"It's a wonderful award, and I am really honored to receive it," said Longwill. "But my teaching colleague, Jennifer Cox, is at least half the reason I received the award. She and I created, designed and developed the special program, which I believe is the focal point of this recognition, together."
Longwill was referring to a special off-campus dropout prevention program in the Jessamine system that she and Cox put together and implemented in 2001 called "Wide Open Spaces." In 2002, the alternative program for troubled students was moved to the Providence School, an old building that the district renovated.
"Our program targets students with a high risk of dropping out, and our goal is to do what we can through intensive work with each and every child to keep them in school," she said.
The type of students that Longwill and Cox deal with have a variety of problems, she said.
"There's a lot more going on with these kids than just one or two issues," said Longwill. "Their reading levels are significantly below grade level. They have poor attendance. They have behavioral and developmental problems and disabilities."
Longwill grew up in eastern Kentucky, graduating from Paintsville High School. Following her graduation with a bachelor of arts degree in education from the University of Kentucky, she landed her first teaching job at Danville High where she taught students with moderate to severe disabilities.

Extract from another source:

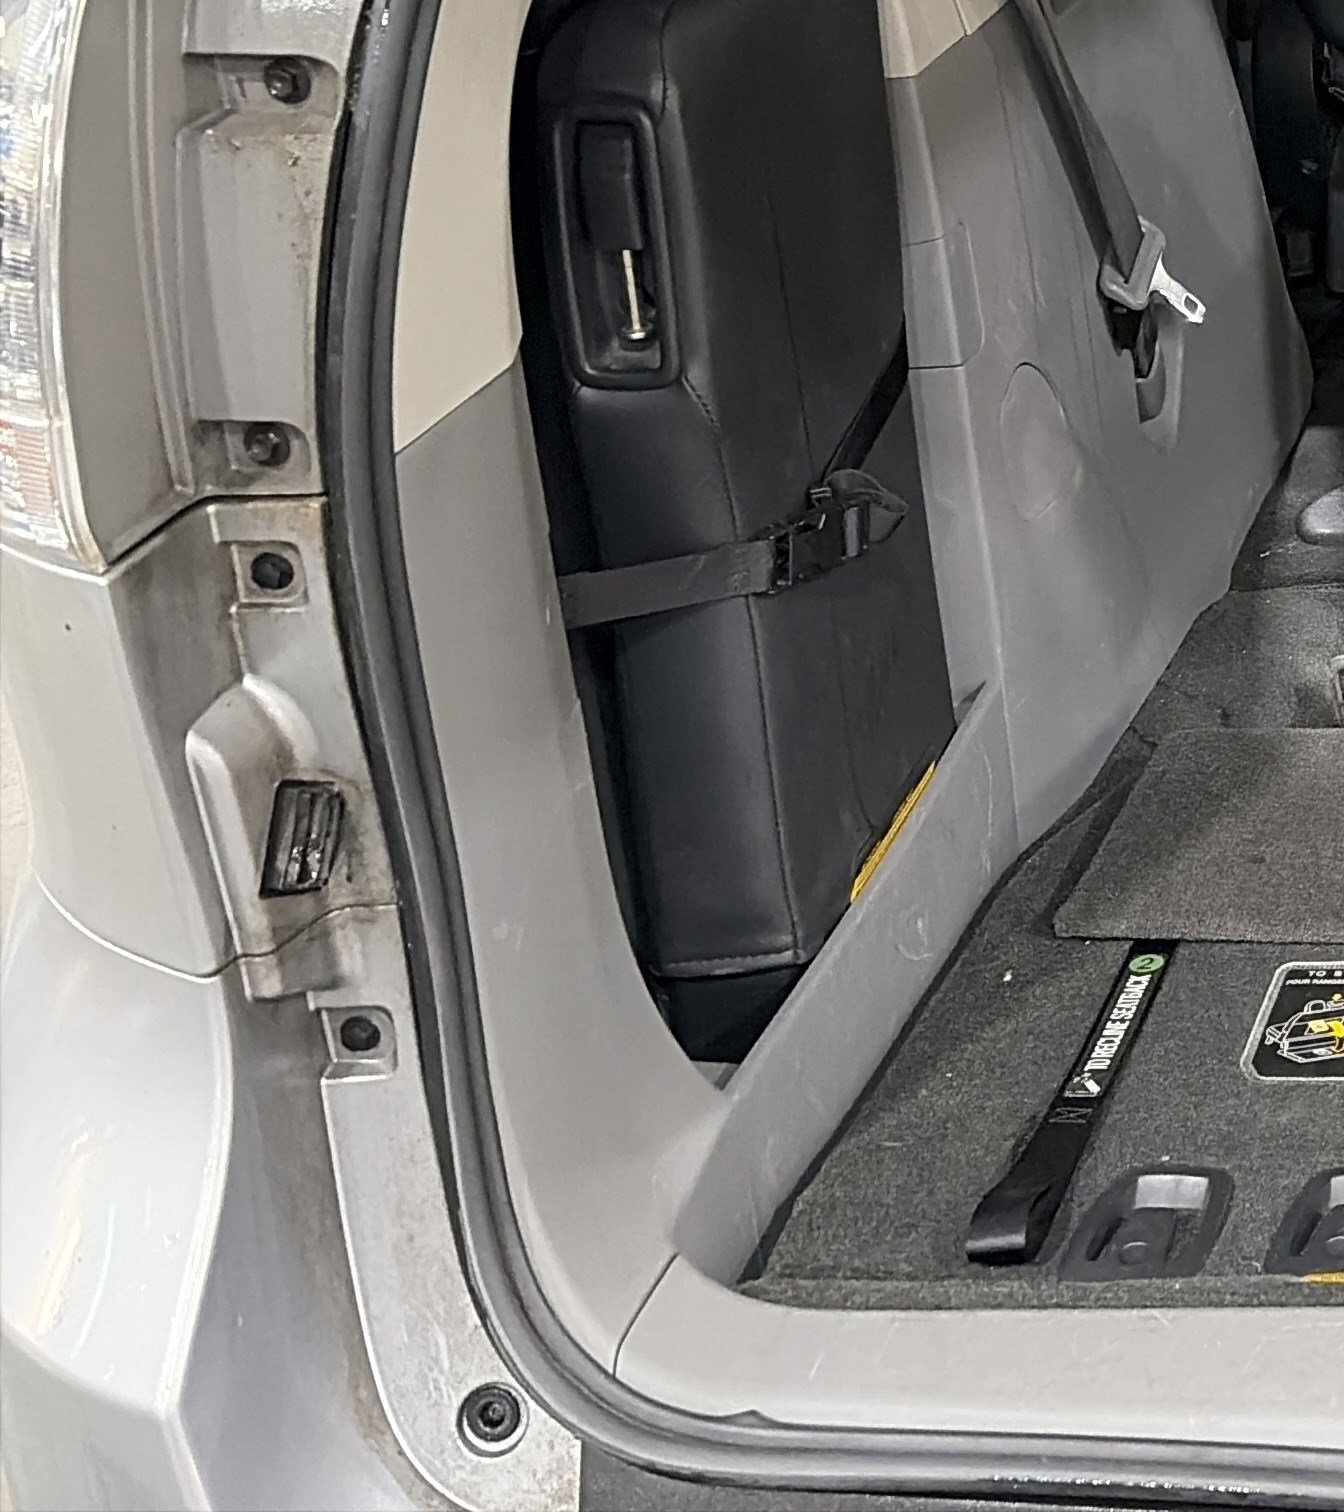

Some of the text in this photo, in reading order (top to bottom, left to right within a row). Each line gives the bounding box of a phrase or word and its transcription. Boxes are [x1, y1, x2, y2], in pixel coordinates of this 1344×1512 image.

[1109, 974, 1153, 1021] SEATBACK
[1285, 978, 1311, 986] POUR
[1090, 1020, 1131, 1059] RECLINE

In 1998 Longwill was hired by East Jessamine County High School where she also taught students with moderate to severe disabilities. The next year she joined the collaborative and resource special education program in which she worked with East Jessamine freshmen with a variety of problems. Two years later, she and Cox developed the special dropout prevention program they oversee today.
Now in her 10th year of teaching, Longwill said she has enjoyed teaching and found it to be both challenging and rewarding. However, this will be her last year as a teacher.
"While I've only been teaching for 10 years, I had an idea of how demanding the profession could be from observing my mother (Nancy Reed), who taught when I was growing up and still teaches, now in the Madison County school district," she said.
"I knew when I began my own teaching career, I wouldn't be doing it for 30 years. I wanted to work as hard as I could for a certain amount of time and then leave, like they say in sports, on top of my game and not suffer burn-out," said Longwill, who said she puts in 12-hour work days, five days a week.
So, at the end of this school year, Longwill will enter law school. She said she has not decided on a specialization, although she is looking at marriage and family law, sports management law, and tax law as possibilities.
Longwill and her husband, Rob, a Danville native who is a personal trainer, live on Sarah Lane in Wandering Hills near Parksville.